• _PROBLEM DETAILS_
The expected output is every record below, transcribed exactly, with the pictures left out.

[Data records]
_ _ _

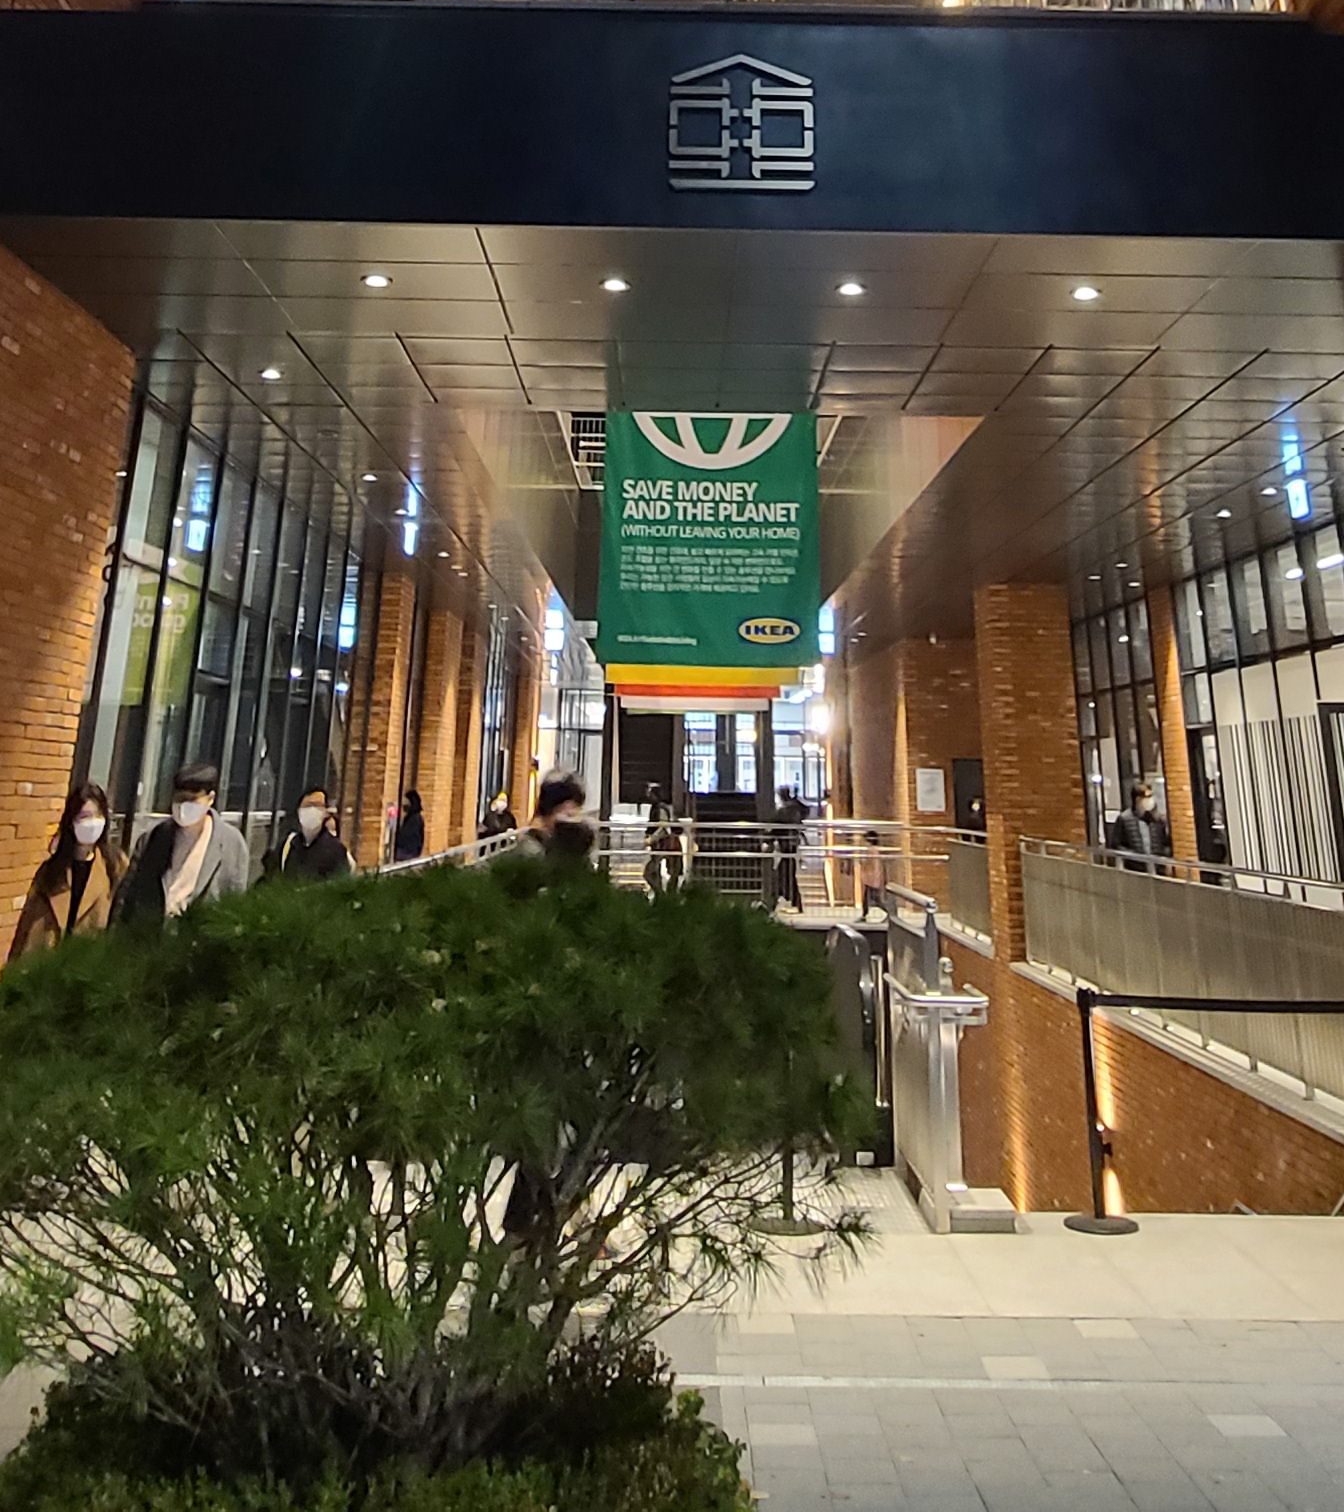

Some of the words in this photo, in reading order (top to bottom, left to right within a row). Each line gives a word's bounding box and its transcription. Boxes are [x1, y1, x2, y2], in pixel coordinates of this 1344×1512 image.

[622, 479, 673, 500] SAVE
[677, 481, 758, 502] MONEY
[622, 500, 671, 520] AND
[674, 501, 715, 521] THE
[719, 502, 800, 523] PLANET
[621, 524, 678, 538] (WITHOUT
[679, 525, 726, 538] LEAVING
[728, 527, 760, 539] YOUR
[763, 527, 800, 540] HOME)
[744, 625, 795, 636] IKEA

_ _ _

• _YOUR SOLUTION_
Some of the words in this photo, in reading order (top to bottom, left to right within a row). Each line gives a word's bounding box and its transcription. Boxes are [x1, y1, x2, y2], in pixel coordinates of this 1344×1512 image.

[622, 479, 673, 500] SAVE
[677, 481, 758, 502] MONEY
[622, 500, 671, 520] AND
[674, 501, 715, 521] THE
[719, 502, 800, 523] PLANET
[621, 524, 678, 538] (WITHOUT
[679, 525, 726, 538] LEAVING
[728, 527, 760, 539] YOUR
[763, 527, 800, 540] HOME)
[744, 625, 795, 636] IKEA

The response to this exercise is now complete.